**WHAT NEEDS TO BE DONE**
Keep the images out and set the listing below down word for word.

::::::::

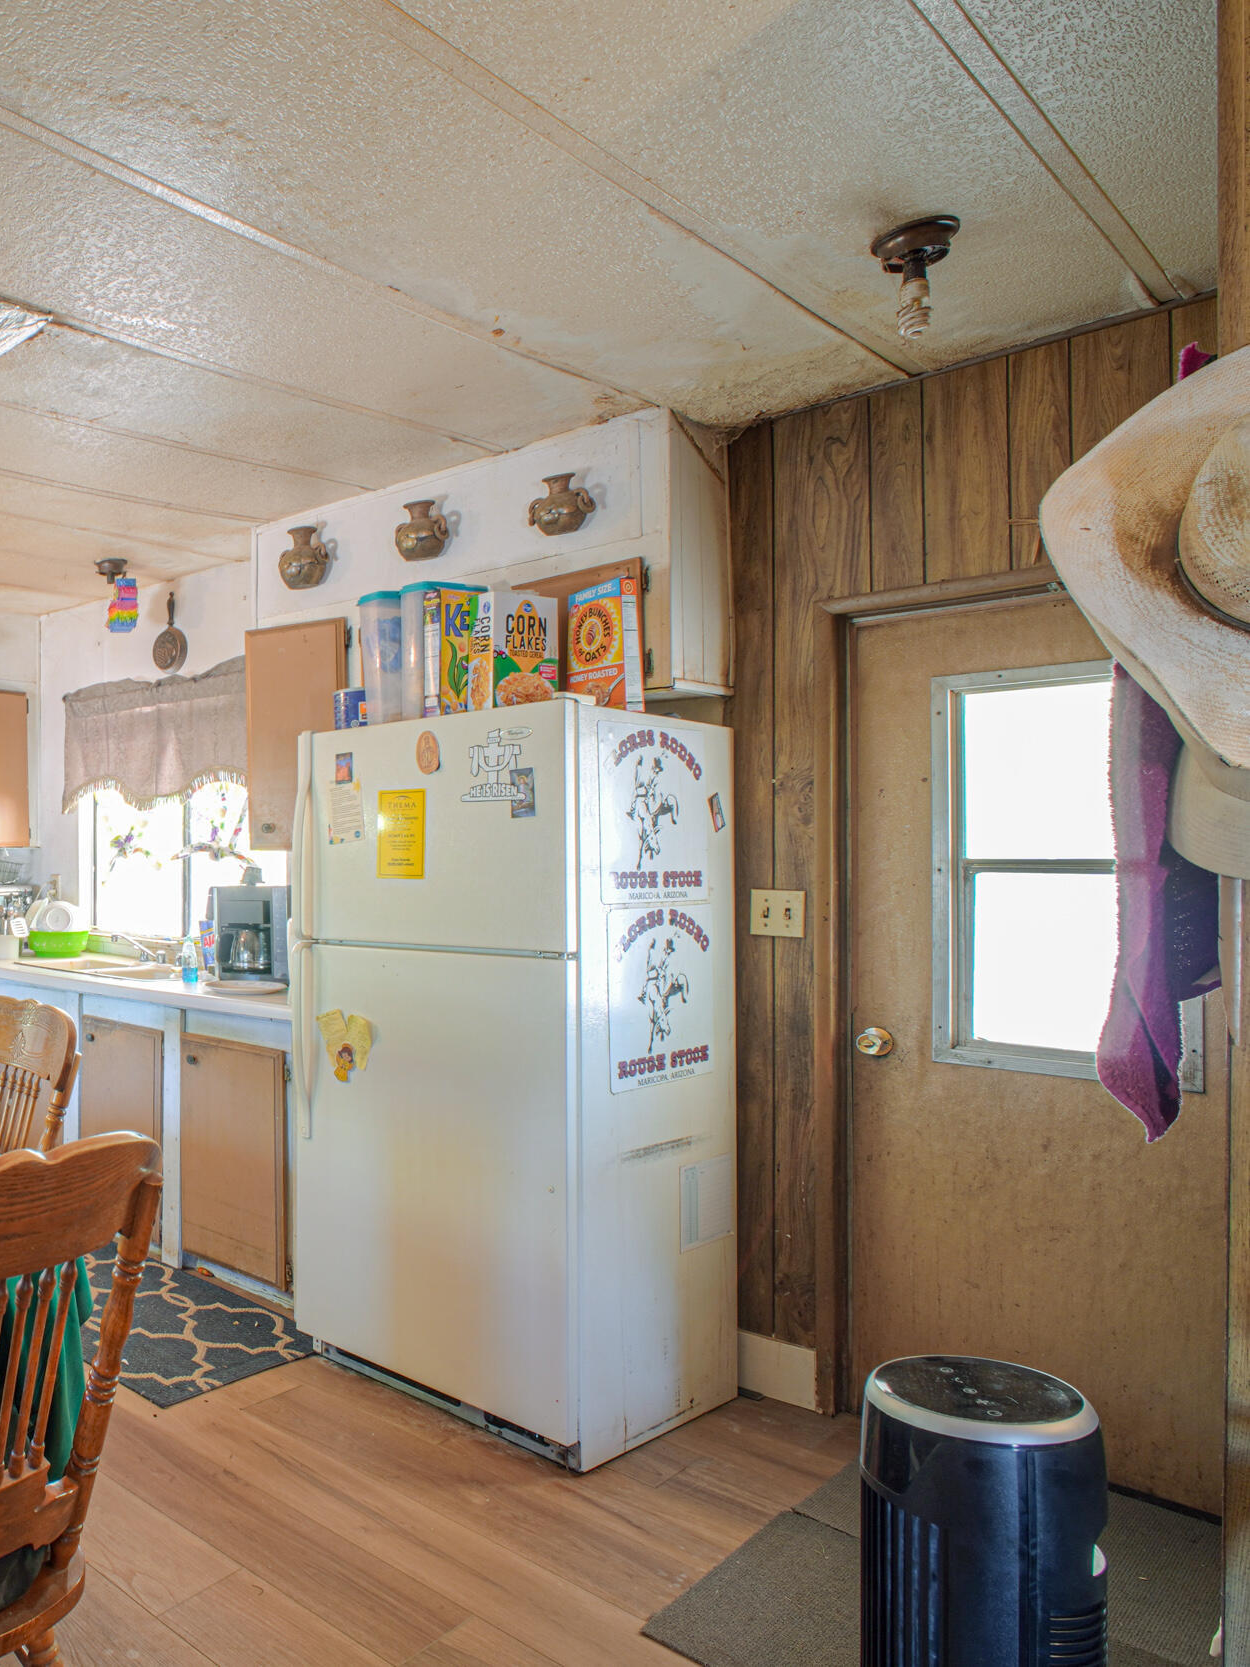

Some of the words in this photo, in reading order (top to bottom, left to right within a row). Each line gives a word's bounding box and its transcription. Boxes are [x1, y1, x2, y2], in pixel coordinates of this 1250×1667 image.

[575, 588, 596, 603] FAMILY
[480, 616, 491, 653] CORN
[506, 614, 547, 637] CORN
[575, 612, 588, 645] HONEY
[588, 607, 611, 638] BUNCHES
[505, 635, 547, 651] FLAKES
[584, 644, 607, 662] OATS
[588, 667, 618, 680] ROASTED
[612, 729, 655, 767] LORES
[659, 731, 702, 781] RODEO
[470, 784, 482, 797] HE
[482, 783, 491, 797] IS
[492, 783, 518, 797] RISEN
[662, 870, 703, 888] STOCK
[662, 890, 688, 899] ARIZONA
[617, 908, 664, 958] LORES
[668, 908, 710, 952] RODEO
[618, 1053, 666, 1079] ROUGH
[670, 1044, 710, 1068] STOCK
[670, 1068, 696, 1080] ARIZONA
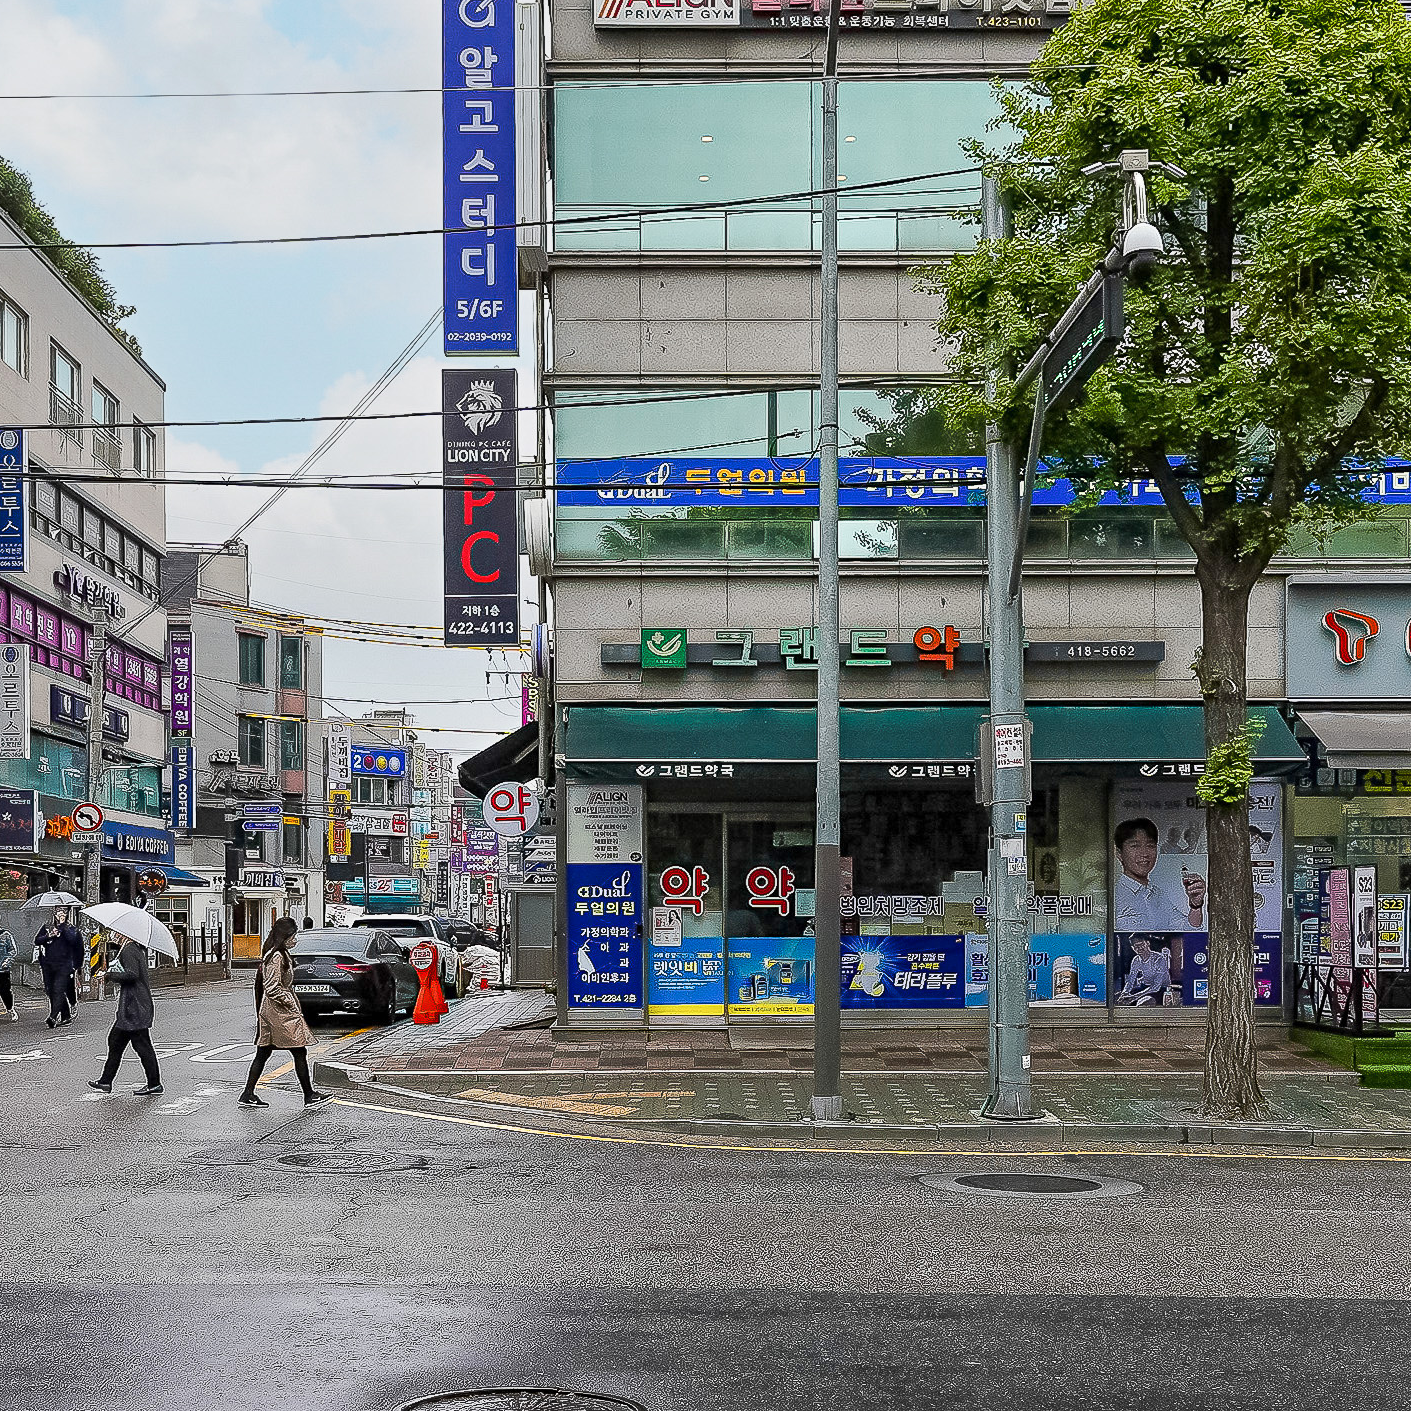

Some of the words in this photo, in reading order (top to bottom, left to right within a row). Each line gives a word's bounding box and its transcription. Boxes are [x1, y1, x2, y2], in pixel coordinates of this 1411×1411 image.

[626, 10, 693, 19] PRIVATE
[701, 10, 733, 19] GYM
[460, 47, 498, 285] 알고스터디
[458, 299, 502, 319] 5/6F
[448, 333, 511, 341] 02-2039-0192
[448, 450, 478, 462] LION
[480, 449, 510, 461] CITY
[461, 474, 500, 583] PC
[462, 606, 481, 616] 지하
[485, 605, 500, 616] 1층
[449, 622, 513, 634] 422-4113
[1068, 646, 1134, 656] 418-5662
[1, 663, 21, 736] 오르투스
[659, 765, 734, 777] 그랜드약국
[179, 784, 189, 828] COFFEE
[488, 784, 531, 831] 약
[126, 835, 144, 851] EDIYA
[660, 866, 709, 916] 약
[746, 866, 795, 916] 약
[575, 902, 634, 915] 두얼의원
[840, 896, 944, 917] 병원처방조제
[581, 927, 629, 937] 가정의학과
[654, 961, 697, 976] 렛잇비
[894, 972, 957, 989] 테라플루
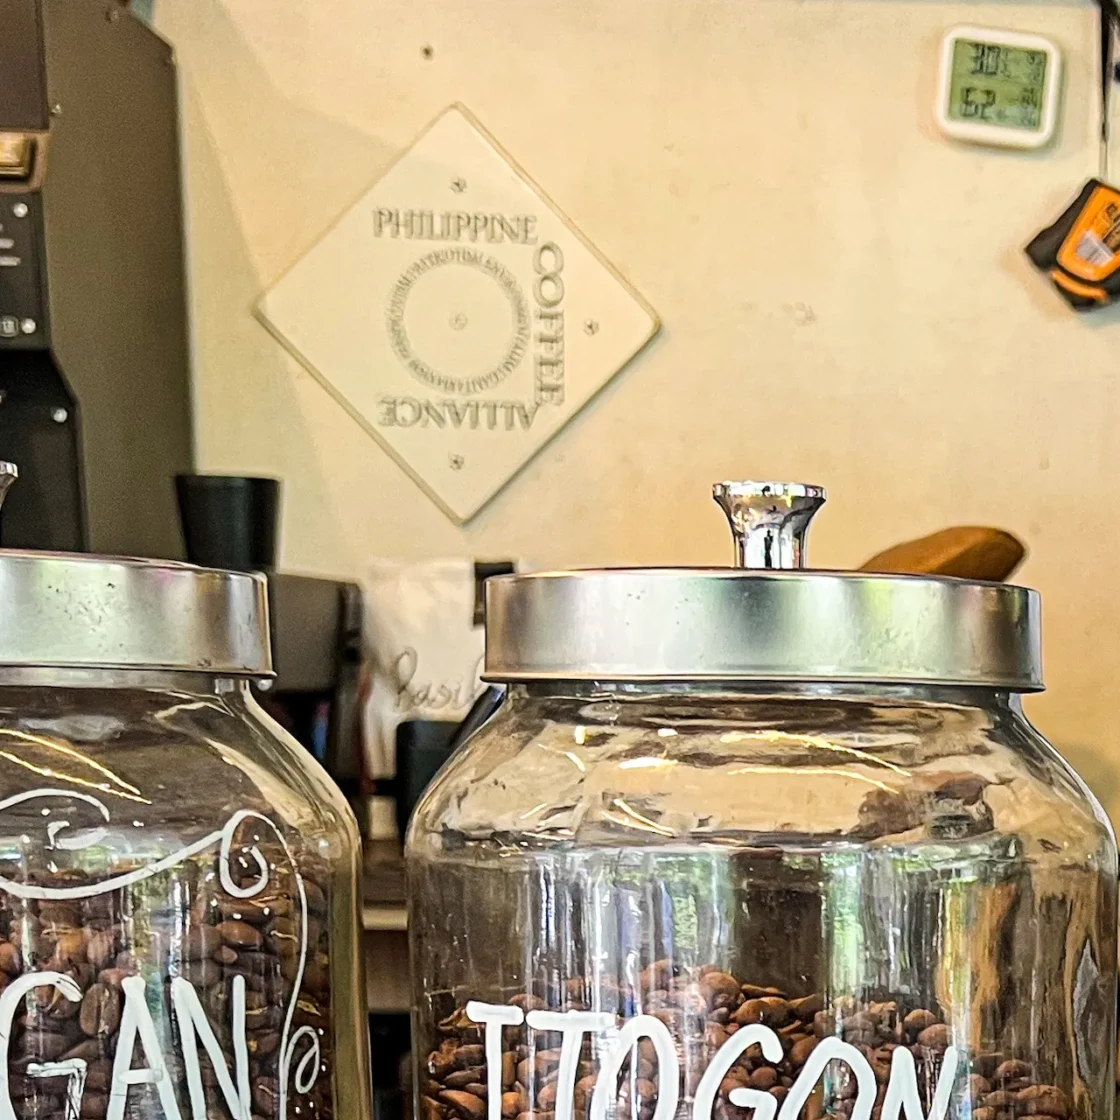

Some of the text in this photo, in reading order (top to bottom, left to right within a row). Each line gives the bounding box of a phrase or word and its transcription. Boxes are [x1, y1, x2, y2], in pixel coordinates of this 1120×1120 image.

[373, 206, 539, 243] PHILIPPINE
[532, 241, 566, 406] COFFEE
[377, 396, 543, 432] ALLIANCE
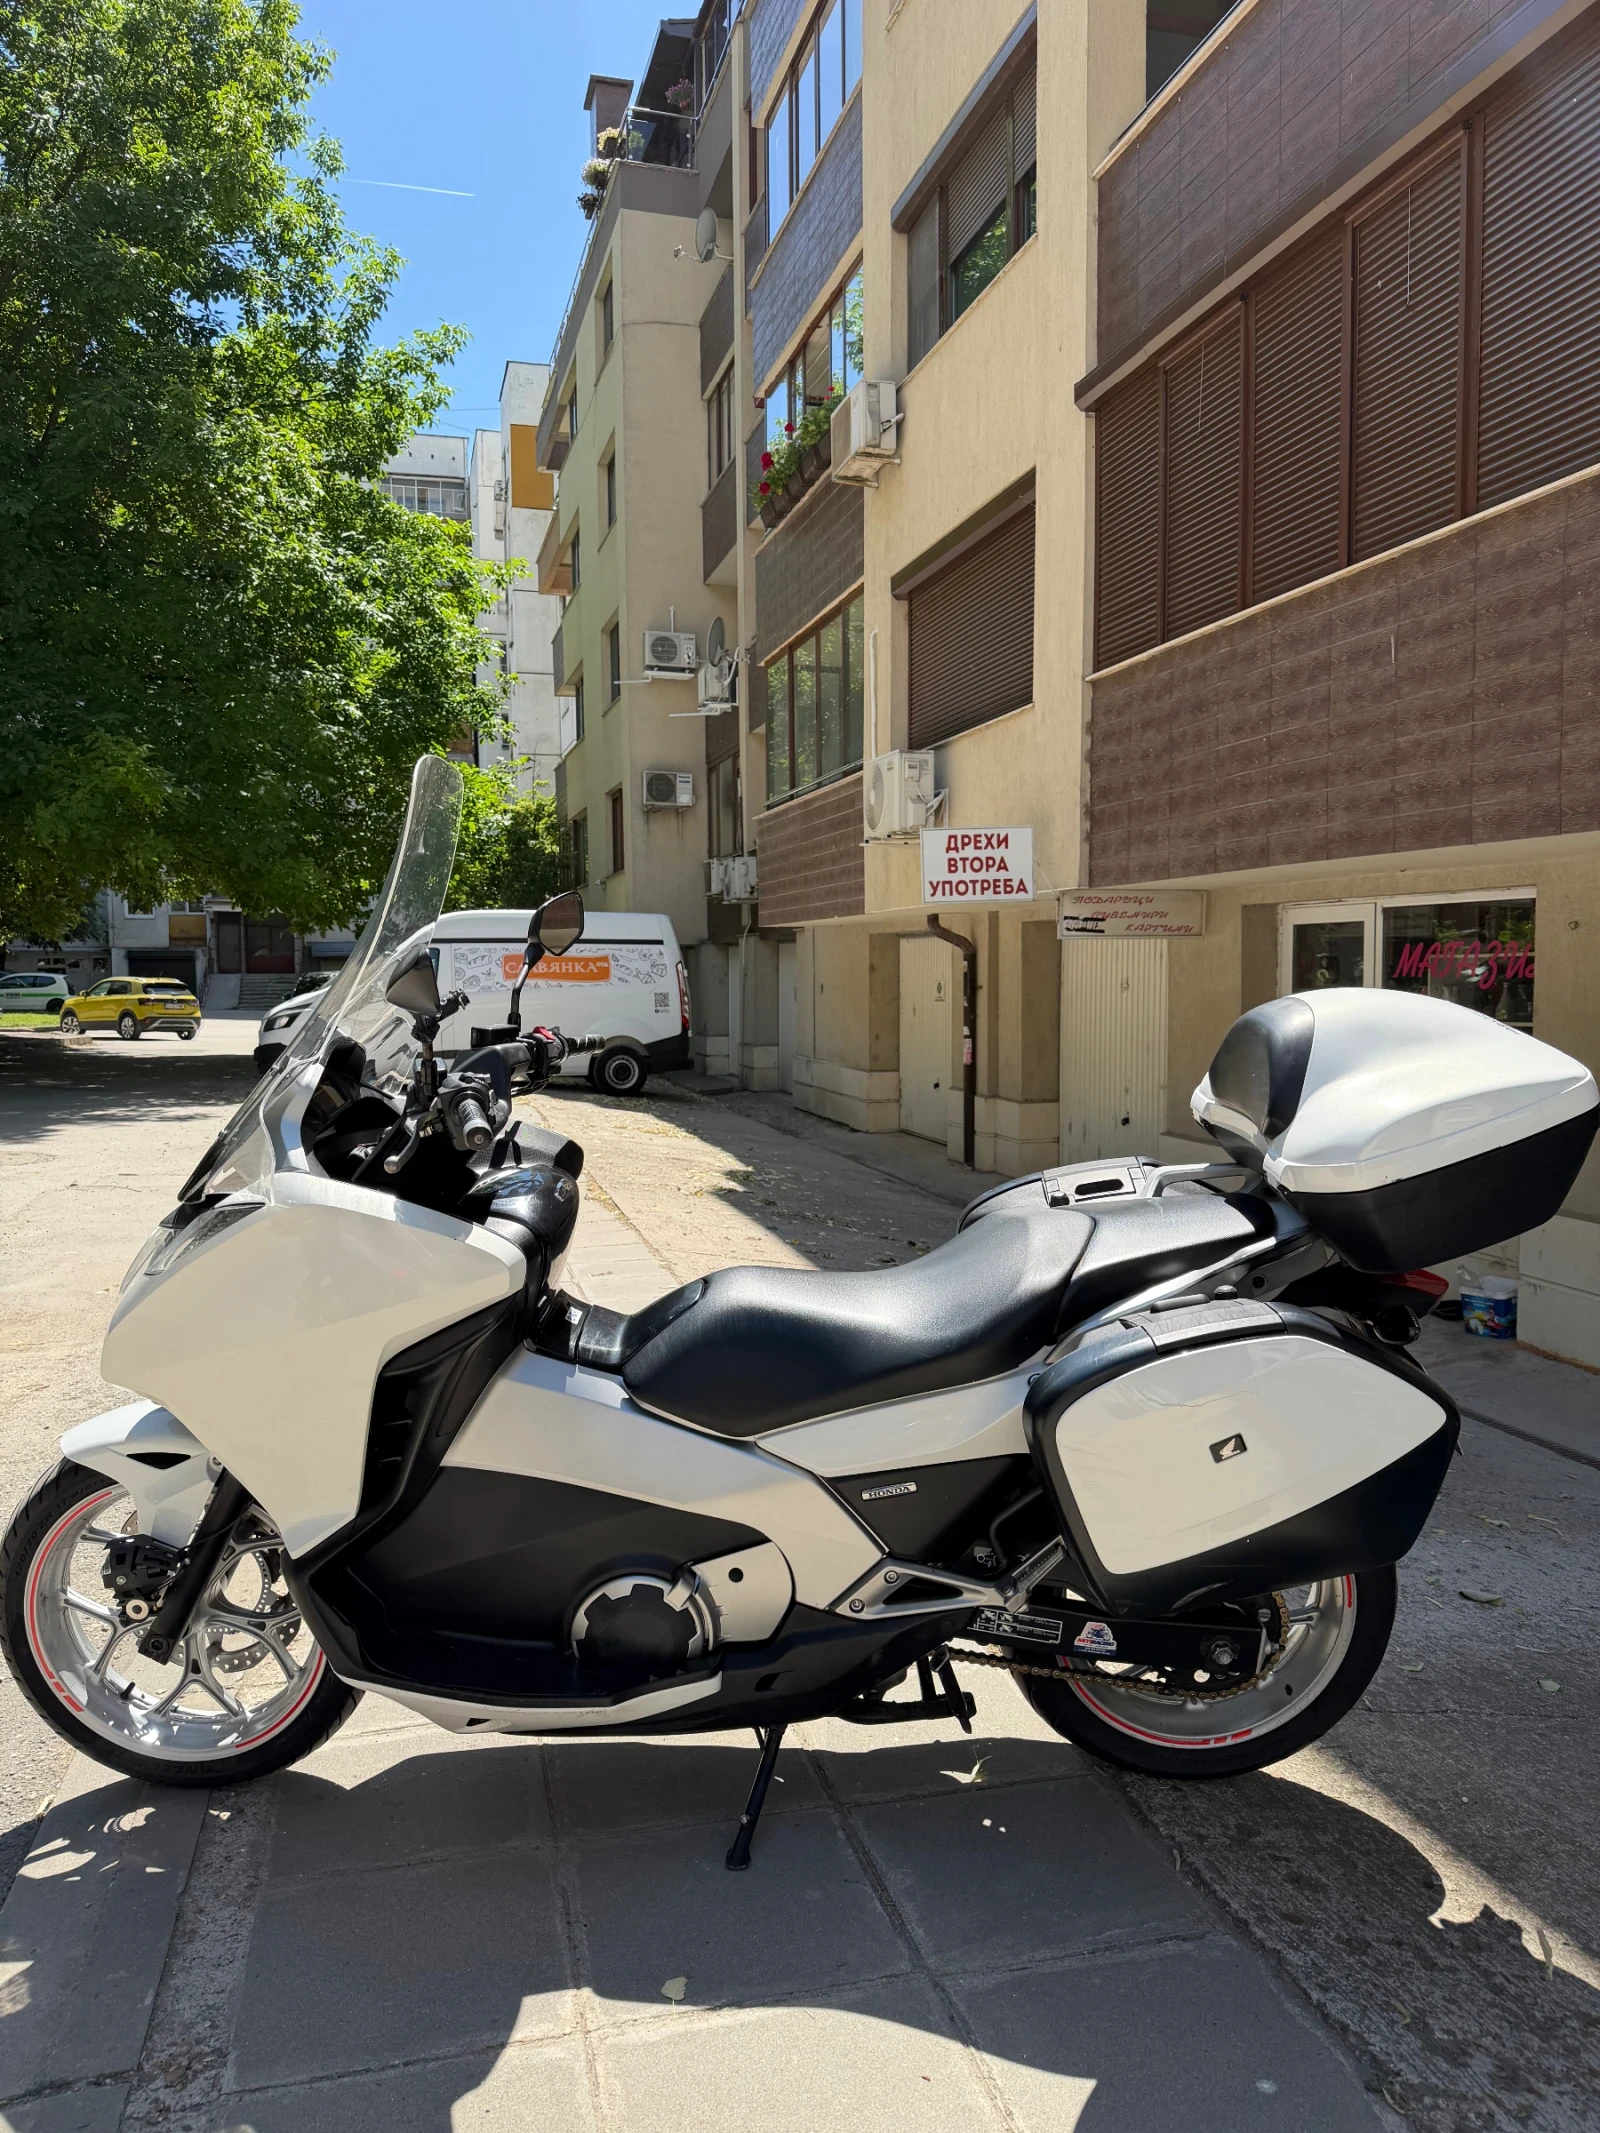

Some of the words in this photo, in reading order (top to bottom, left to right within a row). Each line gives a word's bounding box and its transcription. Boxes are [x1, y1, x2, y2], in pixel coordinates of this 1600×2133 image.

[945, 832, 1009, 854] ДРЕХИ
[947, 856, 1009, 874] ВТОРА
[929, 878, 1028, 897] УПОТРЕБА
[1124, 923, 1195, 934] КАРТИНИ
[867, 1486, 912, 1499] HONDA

::::::::

**COMPLETED EXERCISE**
Some of the words in this photo, in reading order (top to bottom, left to right within a row). Each line gives a word's bounding box and its transcription. Boxes are [x1, y1, x2, y2], in pixel coordinates of this 1250×1667 image.

[575, 588, 596, 603] FAMILY
[480, 616, 491, 653] CORN
[506, 614, 547, 637] CORN
[575, 612, 588, 645] HONEY
[588, 607, 611, 638] BUNCHES
[505, 635, 547, 651] FLAKES
[584, 644, 607, 662] OATS
[588, 667, 618, 680] ROASTED
[612, 729, 655, 767] LORES
[659, 731, 702, 781] RODEO
[470, 784, 482, 797] HE
[482, 783, 491, 797] IS
[492, 783, 518, 797] RISEN
[662, 870, 703, 888] STOCK
[662, 890, 688, 899] ARIZONA
[617, 908, 664, 958] LORES
[668, 908, 710, 952] RODEO
[618, 1053, 666, 1079] ROUGH
[670, 1044, 710, 1068] STOCK
[670, 1068, 696, 1080] ARIZONA

Some of the words in this photo, in reading order (top to bottom, left to right within a row). Each line gives a word's bounding box and its transcription. Boxes are [x1, y1, x2, y2], in pixel coordinates of this 1411×1411 image.

[626, 10, 693, 19] PRIVATE
[701, 10, 733, 19] GYM
[460, 47, 498, 285] 알고스터디
[458, 299, 502, 319] 5/6F
[448, 333, 511, 341] 02-2039-0192
[448, 450, 478, 462] LION
[480, 449, 510, 461] CITY
[461, 474, 500, 583] PC
[462, 606, 481, 616] 지하
[485, 605, 500, 616] 1층
[449, 622, 513, 634] 422-4113
[1068, 646, 1134, 656] 418-5662
[1, 663, 21, 736] 오르투스
[659, 765, 734, 777] 그랜드약국
[179, 784, 189, 828] COFFEE
[488, 784, 531, 831] 약
[126, 835, 144, 851] EDIYA
[660, 866, 709, 916] 약
[746, 866, 795, 916] 약
[575, 902, 634, 915] 두얼의원
[840, 896, 944, 917] 병원처방조제
[581, 927, 629, 937] 가정의학과
[654, 961, 697, 976] 렛잇비
[894, 972, 957, 989] 테라플루

Some of the text in this photo, in reading order (top to bottom, left to right within a row). Each line gives the bounding box of a phrase or word and its transcription. Boxes are [x1, y1, x2, y2], in pixel coordinates of this 1120×1120 image.

[373, 206, 539, 243] PHILIPPINE
[532, 241, 566, 406] COFFEE
[377, 396, 543, 432] ALLIANCE

Some of the words in this photo, in reading order (top to bottom, left to right within a row). Each line gives a word's bounding box and its transcription. Boxes are [x1, y1, x2, y2], in pixel coordinates of this 1600×2133 image.

[945, 832, 1009, 854] ДРЕХИ
[947, 856, 1009, 874] ВТОРА
[929, 878, 1028, 897] УПОТРЕБА
[1124, 923, 1195, 934] КАРТИНИ
[867, 1486, 912, 1499] HONDA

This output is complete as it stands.